Work to complete: Every line from the one with "this 1714×1142 image." to the final line of the listing below should be repeated exactly, and only those.

--- Materials provided Enclosed Below ---

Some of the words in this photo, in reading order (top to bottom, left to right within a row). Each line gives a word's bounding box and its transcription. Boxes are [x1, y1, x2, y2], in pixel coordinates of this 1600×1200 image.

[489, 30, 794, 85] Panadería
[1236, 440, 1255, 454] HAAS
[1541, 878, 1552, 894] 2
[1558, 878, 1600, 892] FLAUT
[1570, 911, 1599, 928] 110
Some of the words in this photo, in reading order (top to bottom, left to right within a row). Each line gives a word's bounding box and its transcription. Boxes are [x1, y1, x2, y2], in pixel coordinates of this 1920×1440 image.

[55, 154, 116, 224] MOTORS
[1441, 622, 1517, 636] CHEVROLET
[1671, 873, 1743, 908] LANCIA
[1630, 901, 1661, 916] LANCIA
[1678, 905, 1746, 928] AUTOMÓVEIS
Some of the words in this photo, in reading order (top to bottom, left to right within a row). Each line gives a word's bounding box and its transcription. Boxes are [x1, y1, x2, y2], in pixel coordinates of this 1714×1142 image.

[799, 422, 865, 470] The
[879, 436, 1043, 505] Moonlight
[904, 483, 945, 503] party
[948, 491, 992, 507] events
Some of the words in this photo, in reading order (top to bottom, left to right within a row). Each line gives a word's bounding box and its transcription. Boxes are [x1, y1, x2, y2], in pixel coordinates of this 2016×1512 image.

--- End of Enclosed Materials provided ---

Written solution:
Some of the words in this photo, in reading order (top to bottom, left to right within a row). Each line gives a word's bounding box and its transcription. Boxes are [x1, y1, x2, y2], in pixel coordinates of this 1714×1142 image.

[799, 422, 865, 470] The
[879, 436, 1043, 505] Moonlight
[904, 483, 945, 503] party
[948, 491, 992, 507] events
Some of the words in this photo, in reading order (top to bottom, left to right within a row). Each line gives a word's bounding box and its transcription. Boxes are [x1, y1, x2, y2], in pixel coordinates of this 2016×1512 image.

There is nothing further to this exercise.